Archon Iacomo, you hear, visits Weep-Not Sorley and gives him a dressing-down that leaves the old Nosferatu trembling with fury. Frank Biggs calls you immediately afterwards to tell you that he’s found Sorley’s refusal to play a team game in recent months ‘absolutely reprehensible’ and that he has half a mind to say as much to the Archon before the next Baron’s Council. He then immediately asks for your reassurance that your involvement with the West End banks won’t result in a conflict of interests with his own people in the Docklands, which you gladly give.

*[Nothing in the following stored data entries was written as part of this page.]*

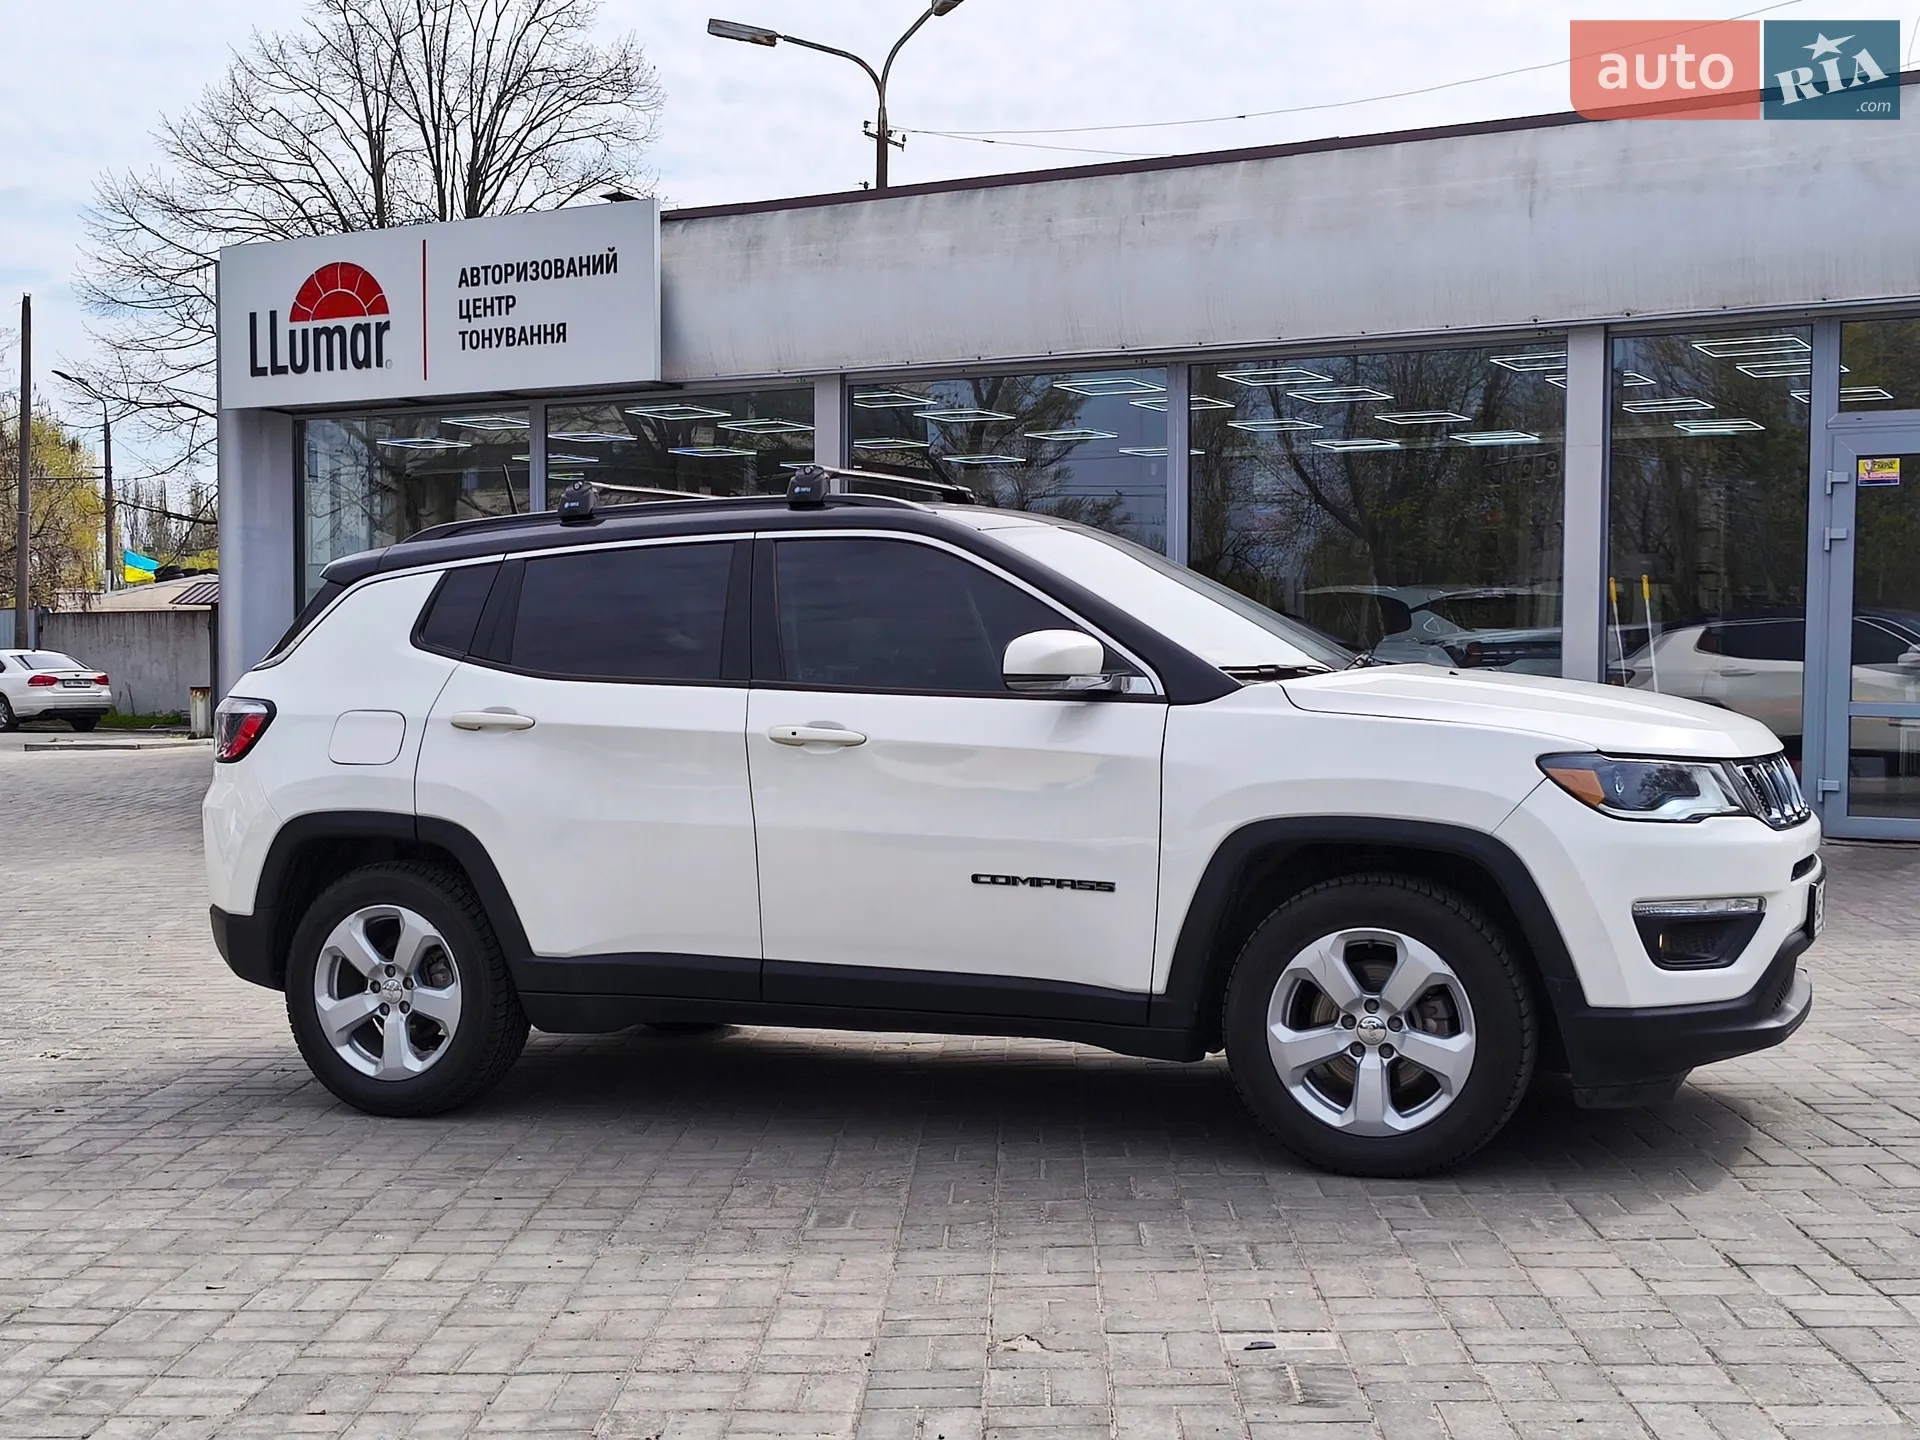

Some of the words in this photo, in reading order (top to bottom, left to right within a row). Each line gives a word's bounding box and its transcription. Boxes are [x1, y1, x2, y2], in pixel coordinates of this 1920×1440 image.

[457, 247, 618, 288] АВТОРИЗОВАНИЙ
[458, 295, 517, 322] ЦЕНТР
[249, 310, 391, 377] LLumar
[458, 322, 567, 351] ТОНУВАННЯ
[971, 873, 1116, 892] COMPASS

And before you know it, the night arrives, and once again you’re stepping past the doorman into the Pleasure ‘N’ Pain, weaving your way through the shimmering dancefloor and obscene bass-driven beat towards the back rooms, where the Queen and her lunatic prophecy await.
*
The stage is empty. Usually, when the Camarilla gathers, there’s a sense of tension in the air, both because the news is so often dire and because the assembled Kindred tend to be too busy coldly watching their enemies than greeting their friends. Tonight there’s more of a carnival atmosphere; though, of course, that’s probably because of the Malkavians. You never knew your city held so many madmen. The hall is thick with guttural laughter and the excitable whisperings of the certifiable insane. And amongst them, you note, are Brujah and Nosferatu, the occasional Gangrel - the rabble of London, out in force. The few Ventrue and Tremere that have come stand nervously, alone and aloof, as their lowly brethren banter and yell friendly abuse at one another. Turcov is, as promised, nowhere to be seen.
“Busy, isn’t it?” someone says.
Andre Carabas, arms neatly folded, is standing beside you.

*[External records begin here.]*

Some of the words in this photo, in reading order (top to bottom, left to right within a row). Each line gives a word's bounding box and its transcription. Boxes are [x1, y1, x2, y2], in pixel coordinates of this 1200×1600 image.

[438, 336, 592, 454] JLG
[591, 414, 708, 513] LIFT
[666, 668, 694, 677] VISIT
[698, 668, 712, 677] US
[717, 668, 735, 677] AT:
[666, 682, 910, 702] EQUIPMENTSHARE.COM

“So many Malks,” you reply. “Where the hell did they come from? Have the gates of Bedlam opened?”
“They’re here to see the Queen,” says Carabas. “Some of them have come down from Bristol or Birmingham, I believe - I know for a fact that Turcov’s been driven half-mad himself tonight giving them all permission to enter London. Their madness, uh, ‘network’...well, it exerts a pull on them, I believe. They like to be close to her.”
You glance across at him. His thin face is marked by a sneer of disdain.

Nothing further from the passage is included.